- Type: Liquid-cooled, 18-cylinder, three-block inline engine
- National origin: Soviet Union
- Manufacturer: Klimov
- First run: 1940
- Manufactured: 1939–40
- Number built: 5?
- Developed from: Klimov M-103

= Klimov M-120 =

1940s Soviet piston aircraft engine

The Klimov M-120 was a Soviet prototype 18-cylinder liquid-cooled inline aircraft engine designed during the early years of World War II. Testing did not go well and it was cancelled in 1942.

==Development==
The M-120 was developed by arranging three Klimov M-103A cylinder blocks in an inverted 'Y' configuration, driving a common crankshaft.
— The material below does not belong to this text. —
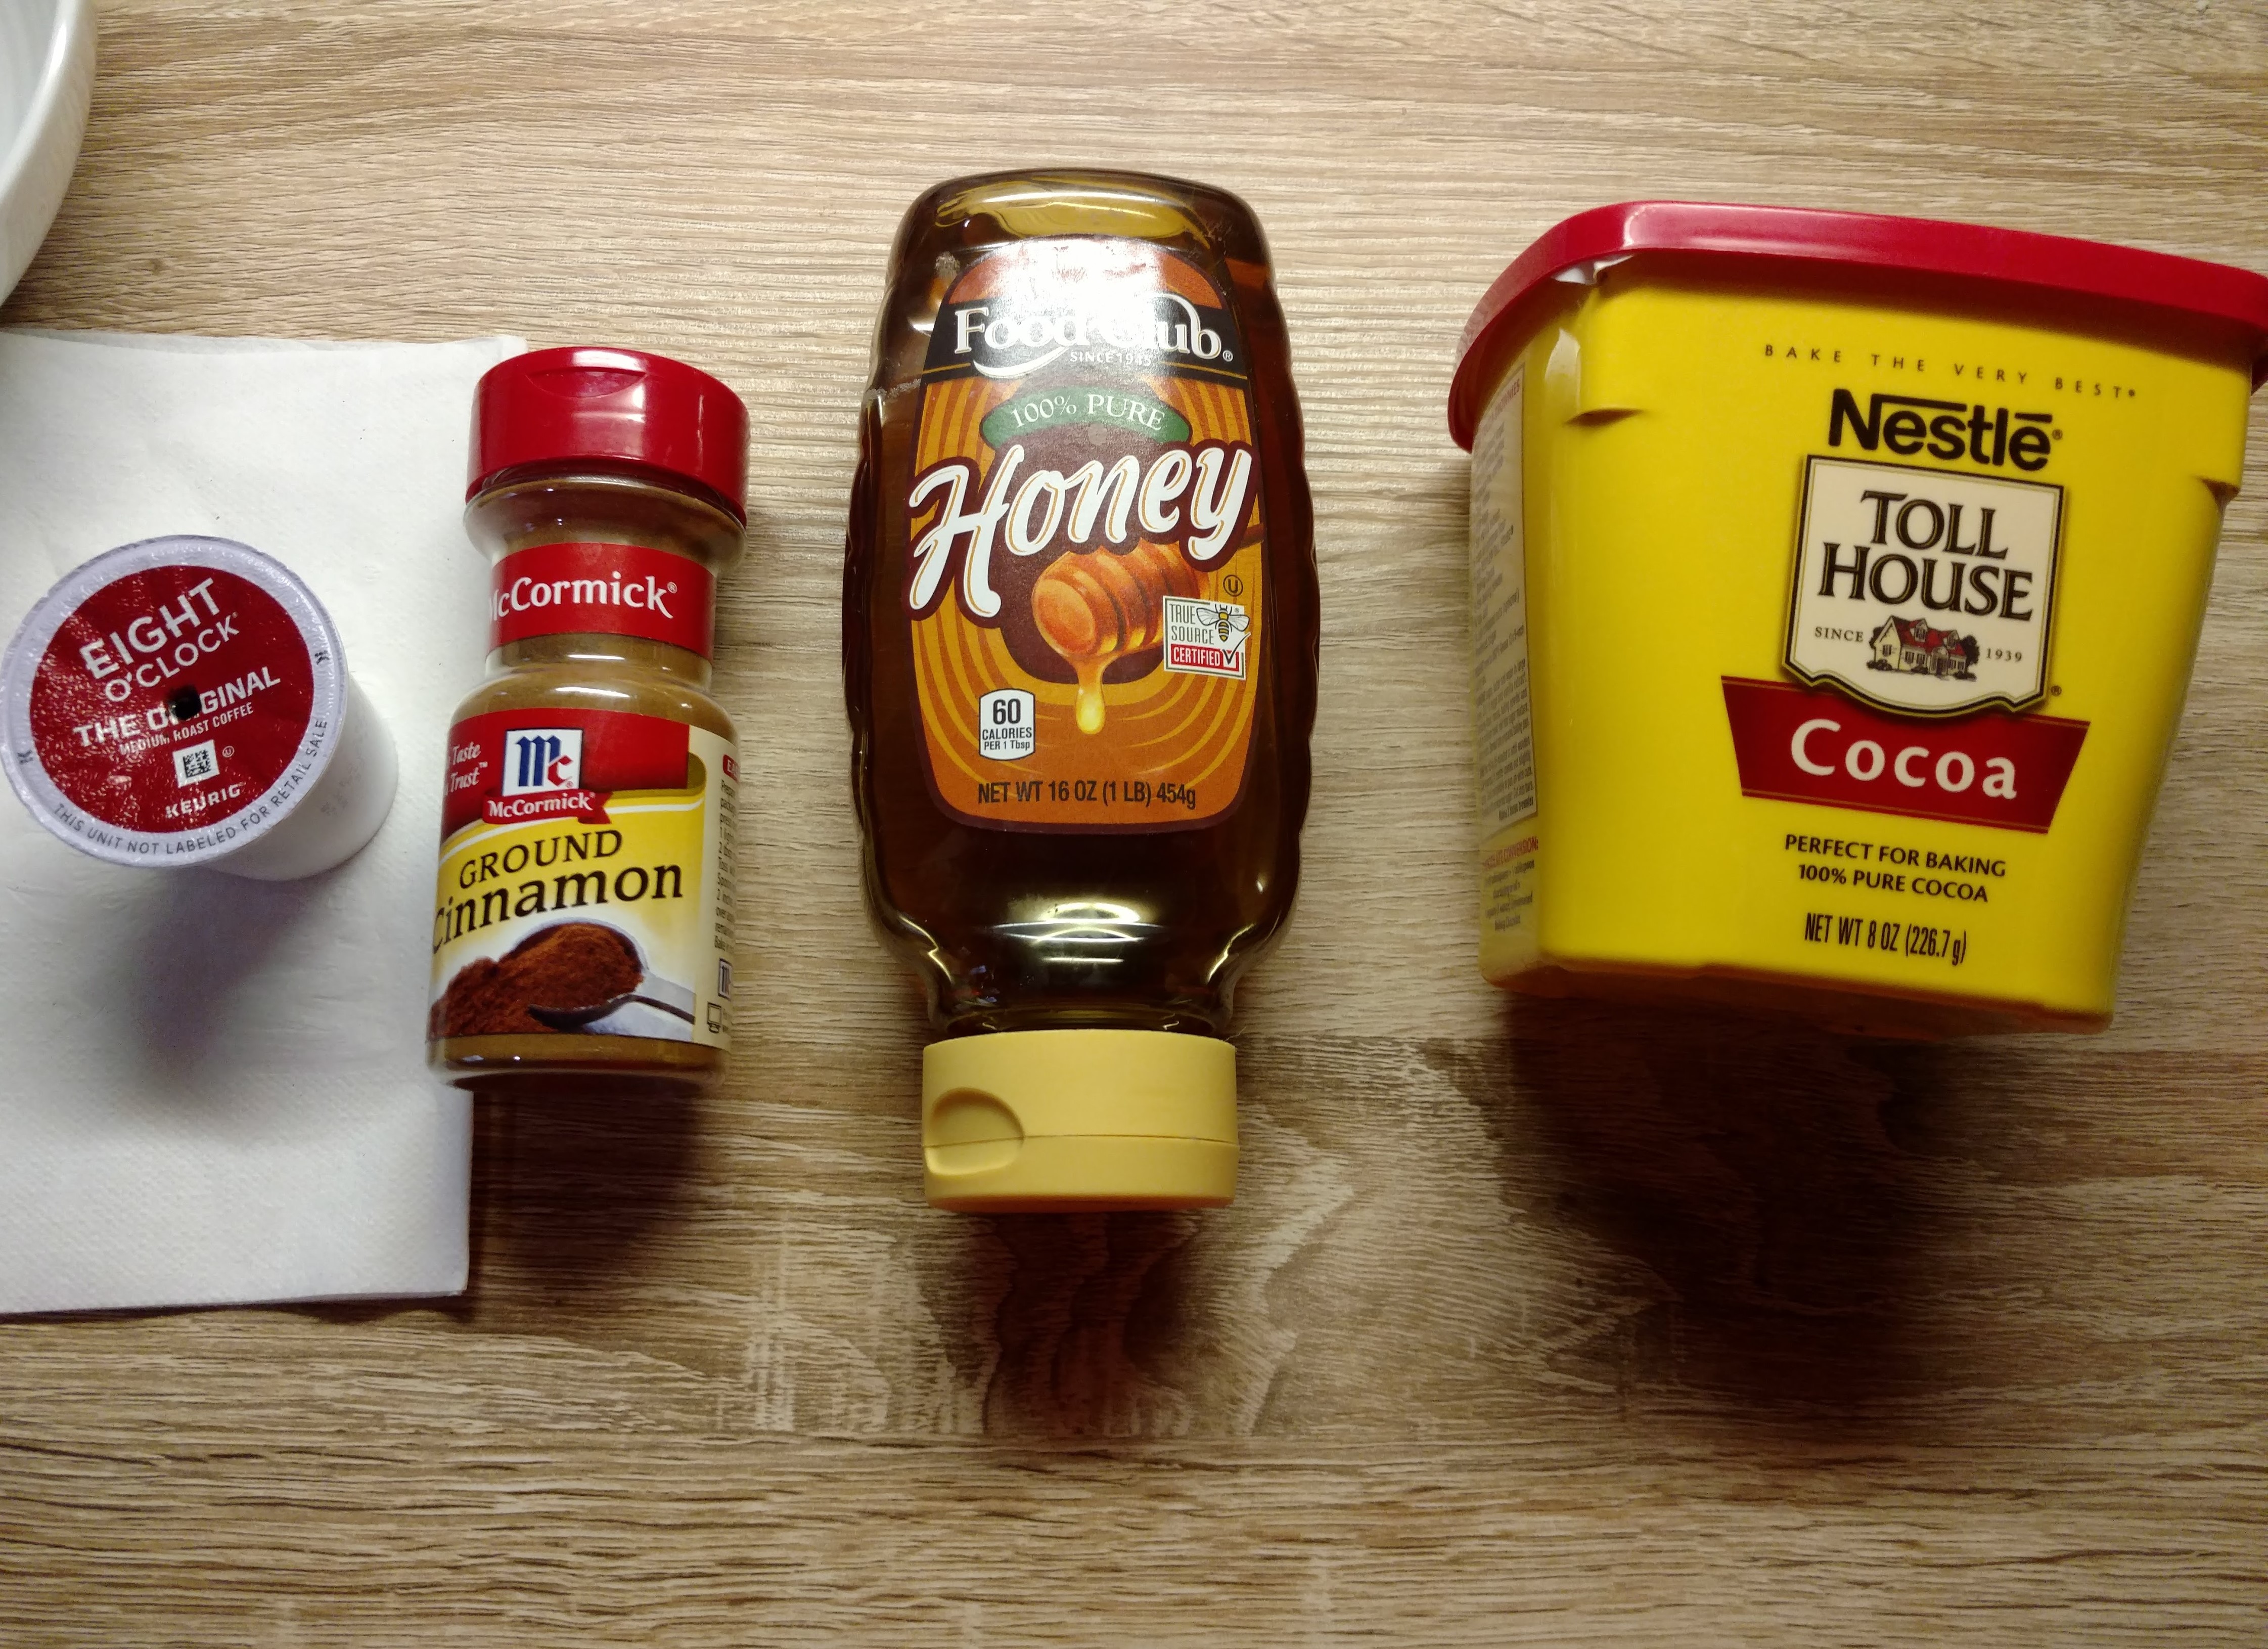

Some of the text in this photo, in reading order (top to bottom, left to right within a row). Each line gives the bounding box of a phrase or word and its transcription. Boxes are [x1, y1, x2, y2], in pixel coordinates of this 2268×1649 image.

It began development in 1938 and manufacture of five prototypes began in late 1939. The first prototype was completed on 30 October 1939 and began bench tests the next year. Two M-120TKs were flown in a prototype Ilyushin DB-4 bomber in November 1940. It was submitted for its State acceptance trials in August 1941, but the main connecting rod and the supercharger both broke down and the tests were not completed. The project was cancelled in 1942.

==Variants==
- M-120
1600 hp, weight of 850–895 kg.
- M-120TK
1600 hp, weight of 950 kg, fitted with turbo-supercharger.
- M-120UV
1800 hp. Version with a long shaft to the remote reduction gear.
- M-120UV-TK
A 1940 project to combine the two variants.